Data items:
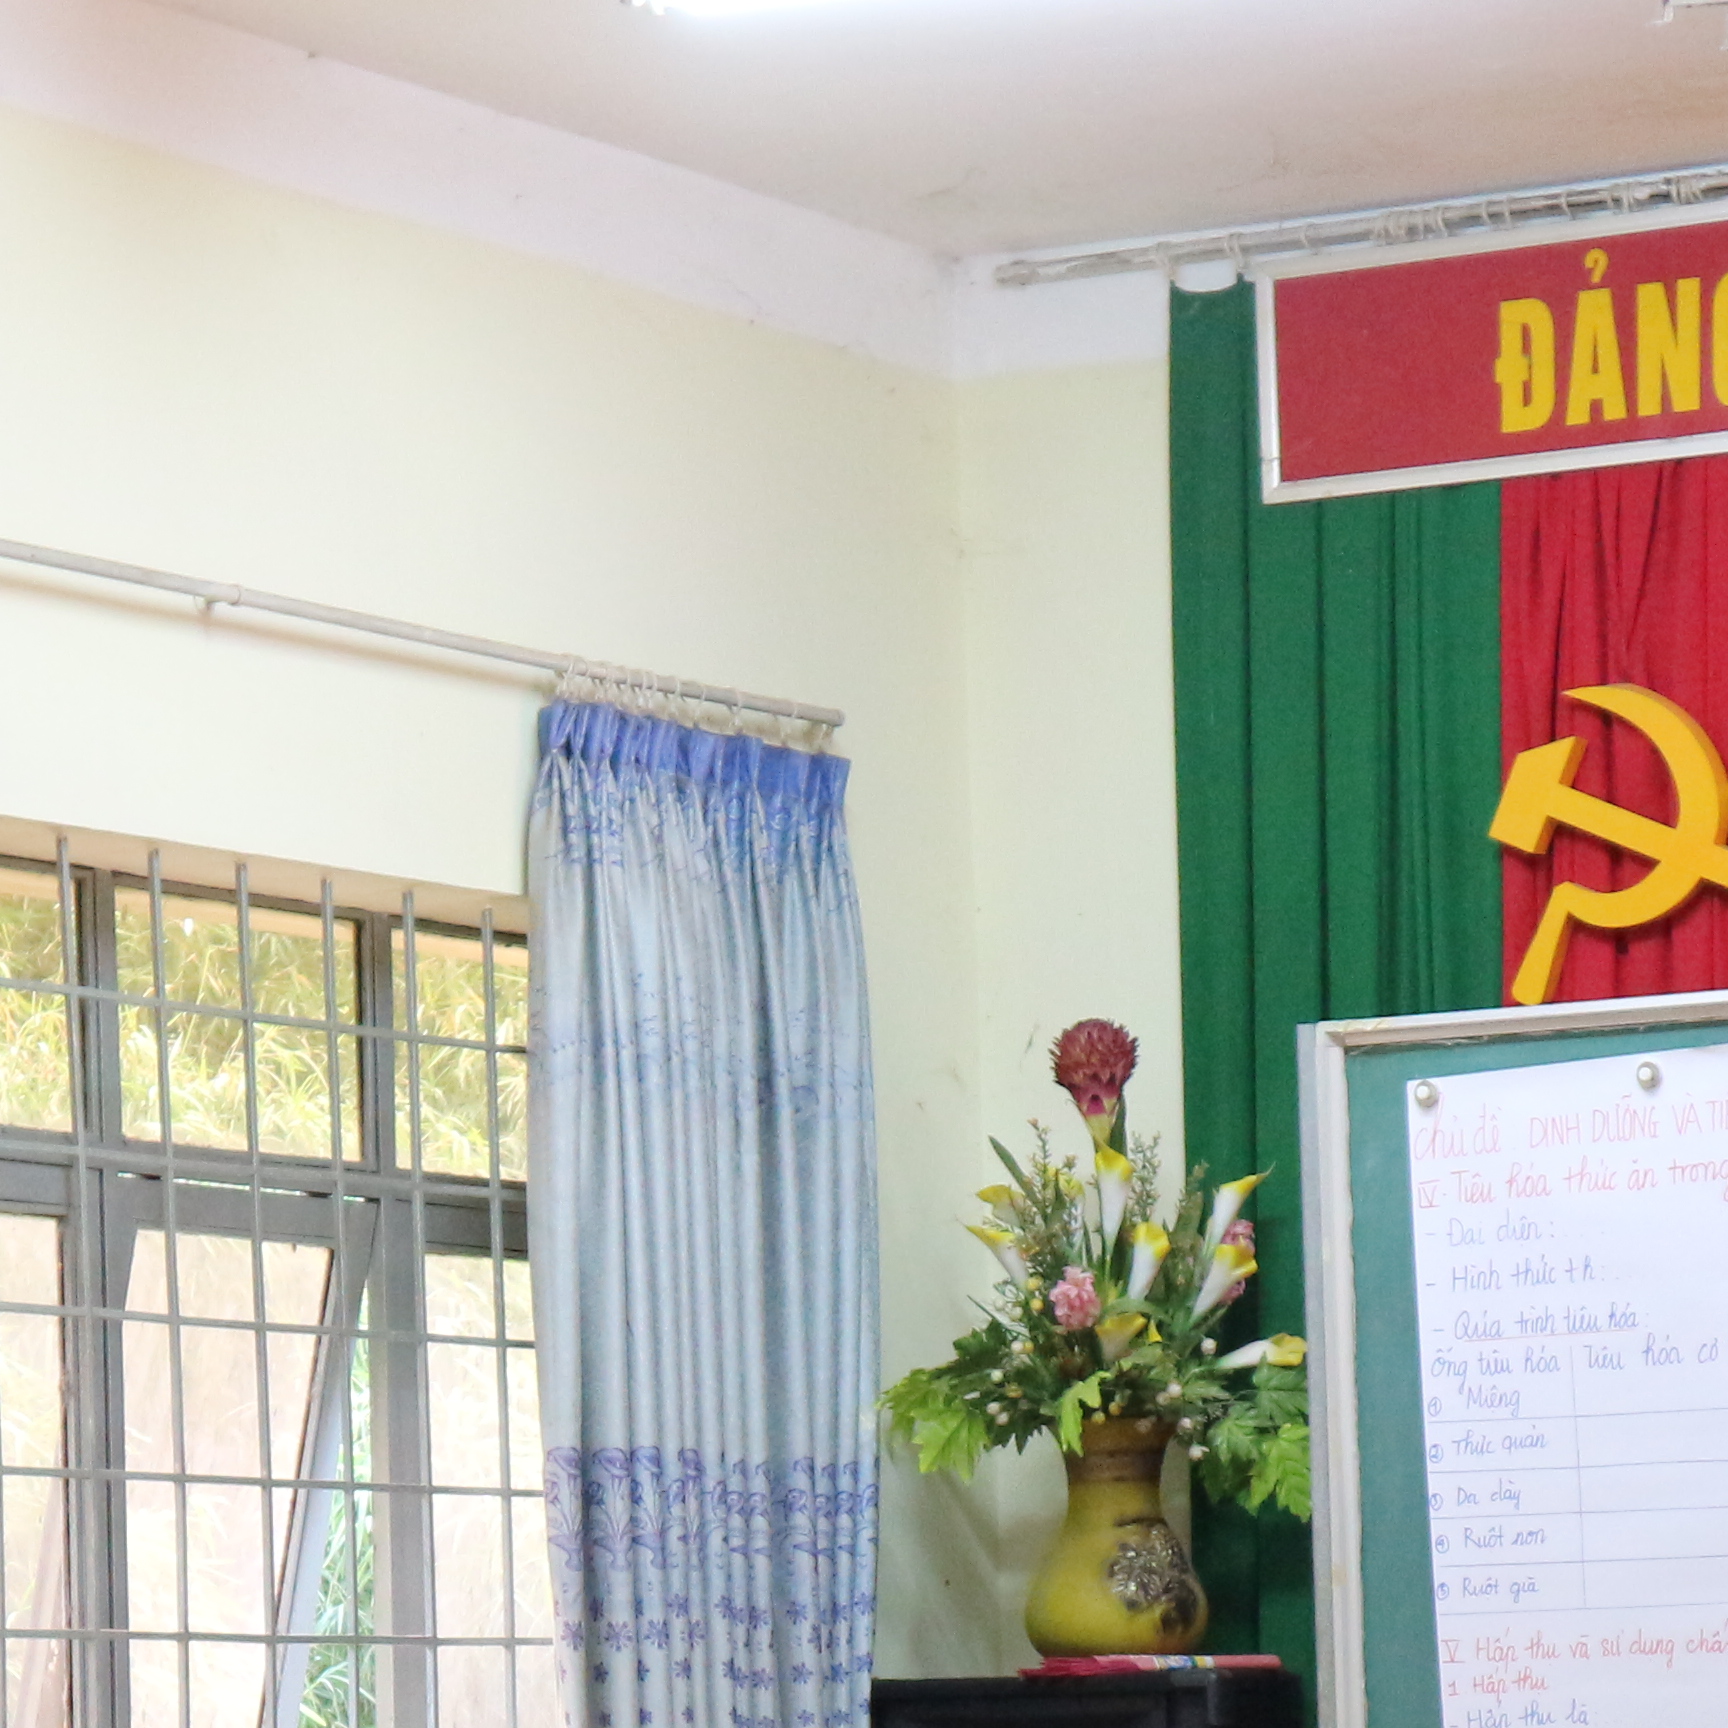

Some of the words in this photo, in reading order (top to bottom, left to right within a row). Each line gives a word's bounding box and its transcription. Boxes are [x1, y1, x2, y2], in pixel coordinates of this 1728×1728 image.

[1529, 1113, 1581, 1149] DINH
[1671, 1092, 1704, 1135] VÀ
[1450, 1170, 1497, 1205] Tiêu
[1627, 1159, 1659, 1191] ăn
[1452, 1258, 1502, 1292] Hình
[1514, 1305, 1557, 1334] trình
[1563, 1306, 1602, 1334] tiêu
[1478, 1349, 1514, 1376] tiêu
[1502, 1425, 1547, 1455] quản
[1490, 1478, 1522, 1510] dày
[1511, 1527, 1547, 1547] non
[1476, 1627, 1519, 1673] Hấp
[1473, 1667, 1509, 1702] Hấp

*Assignment*. Would you copy out every entry above word for word, without the pictures?

*Result of this exercise*.
Some of the words in this photo, in reading order (top to bottom, left to right within a row). Each line gives a word's bounding box and its transcription. Boxes are [x1, y1, x2, y2], in pixel coordinates of this 1728×1728 image.

[1529, 1113, 1581, 1149] DINH
[1671, 1092, 1704, 1135] VÀ
[1450, 1170, 1497, 1205] Tiêu
[1627, 1159, 1659, 1191] ăn
[1452, 1258, 1502, 1292] Hình
[1514, 1305, 1557, 1334] trình
[1563, 1306, 1602, 1334] tiêu
[1478, 1349, 1514, 1376] tiêu
[1502, 1425, 1547, 1455] quản
[1490, 1478, 1522, 1510] dày
[1511, 1527, 1547, 1547] non
[1476, 1627, 1519, 1673] Hấp
[1473, 1667, 1509, 1702] Hấp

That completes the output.